• Entries supplied:
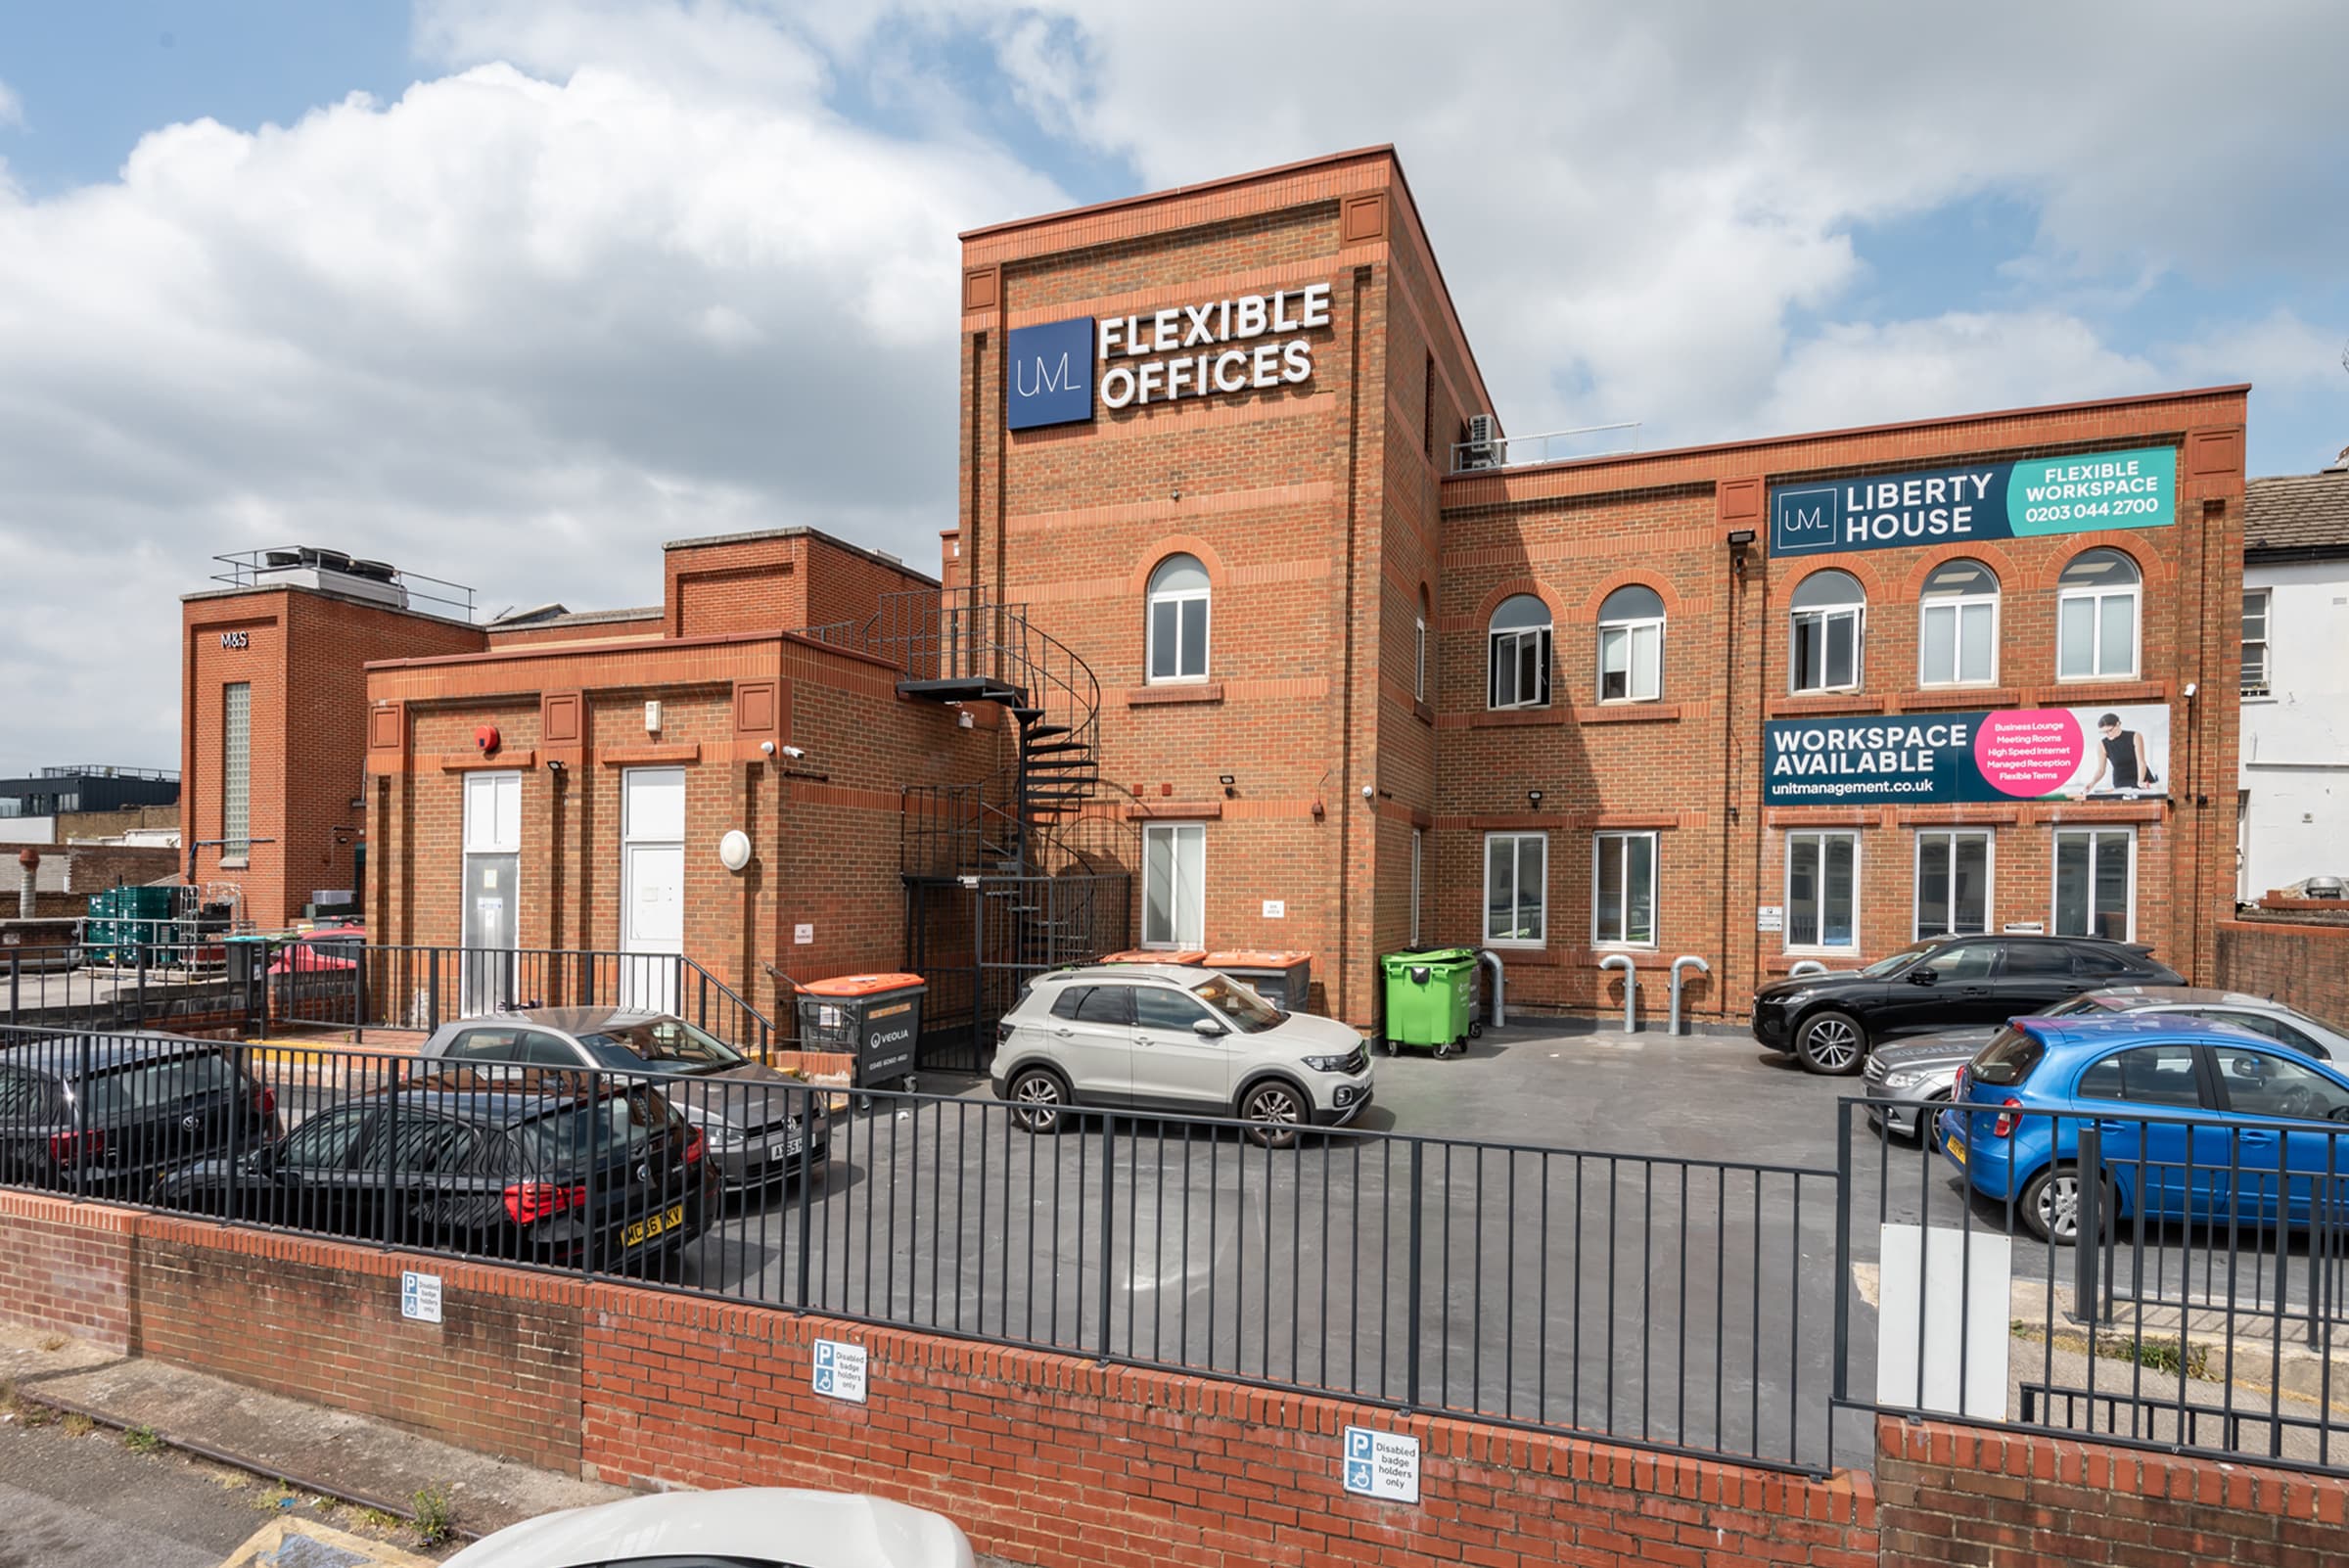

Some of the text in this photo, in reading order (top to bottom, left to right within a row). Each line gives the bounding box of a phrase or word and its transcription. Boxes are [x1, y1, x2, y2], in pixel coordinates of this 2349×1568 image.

[1099, 282, 1331, 360] FLEXIBLE
[1016, 351, 1082, 398] UML
[1100, 340, 1313, 409] OFFICES
[2045, 460, 2139, 484] FLEXIBLE
[1847, 472, 1993, 512] LIBERTY
[2026, 476, 2158, 502] WORKSPACE
[1785, 506, 1829, 531] UML
[2025, 497, 2159, 523] 0203 044 2700
[1846, 506, 1973, 542] HOUSE
[220, 630, 249, 649] M&S
[1995, 722, 2064, 732] Business Lounge
[1773, 723, 1968, 753] WORKSPACE
[1997, 734, 2061, 745] Meeting Rooms
[1988, 746, 2070, 758] High Speed Internet
[1773, 750, 1935, 776] AVAILABLE
[1987, 760, 2071, 769] Managed Reception
[1999, 771, 2057, 780] Flexible Terms
[1772, 778, 1934, 797] unitmanagement.co.uk
[882, 1029, 909, 1043] VEOLIA
[406, 1275, 416, 1292] P
[819, 1345, 831, 1363] P
[836, 1351, 864, 1363] Disabled
[840, 1361, 859, 1372] badge
[837, 1370, 861, 1381] holders
[842, 1381, 856, 1390] only
[1353, 1433, 1369, 1456] P
[1376, 1442, 1416, 1457] Disabled
[1381, 1454, 1409, 1467] badge
[1378, 1465, 1412, 1479] holders
[1386, 1477, 1405, 1489] only

• Work task: Reproduce the material above in full, images excluded.

• Solution to this exercise:
Some of the text in this photo, in reading order (top to bottom, left to right within a row). Each line gives the bounding box of a phrase or word and its transcription. Boxes are [x1, y1, x2, y2], in pixel coordinates of this 2349×1568 image.

[1099, 282, 1331, 360] FLEXIBLE
[1016, 351, 1082, 398] UML
[1100, 340, 1313, 409] OFFICES
[2045, 460, 2139, 484] FLEXIBLE
[1847, 472, 1993, 512] LIBERTY
[2026, 476, 2158, 502] WORKSPACE
[1785, 506, 1829, 531] UML
[2025, 497, 2159, 523] 0203 044 2700
[1846, 506, 1973, 542] HOUSE
[220, 630, 249, 649] M&S
[1995, 722, 2064, 732] Business Lounge
[1773, 723, 1968, 753] WORKSPACE
[1997, 734, 2061, 745] Meeting Rooms
[1988, 746, 2070, 758] High Speed Internet
[1773, 750, 1935, 776] AVAILABLE
[1987, 760, 2071, 769] Managed Reception
[1999, 771, 2057, 780] Flexible Terms
[1772, 778, 1934, 797] unitmanagement.co.uk
[882, 1029, 909, 1043] VEOLIA
[406, 1275, 416, 1292] P
[819, 1345, 831, 1363] P
[836, 1351, 864, 1363] Disabled
[840, 1361, 859, 1372] badge
[837, 1370, 861, 1381] holders
[842, 1381, 856, 1390] only
[1353, 1433, 1369, 1456] P
[1376, 1442, 1416, 1457] Disabled
[1381, 1454, 1409, 1467] badge
[1378, 1465, 1412, 1479] holders
[1386, 1477, 1405, 1489] only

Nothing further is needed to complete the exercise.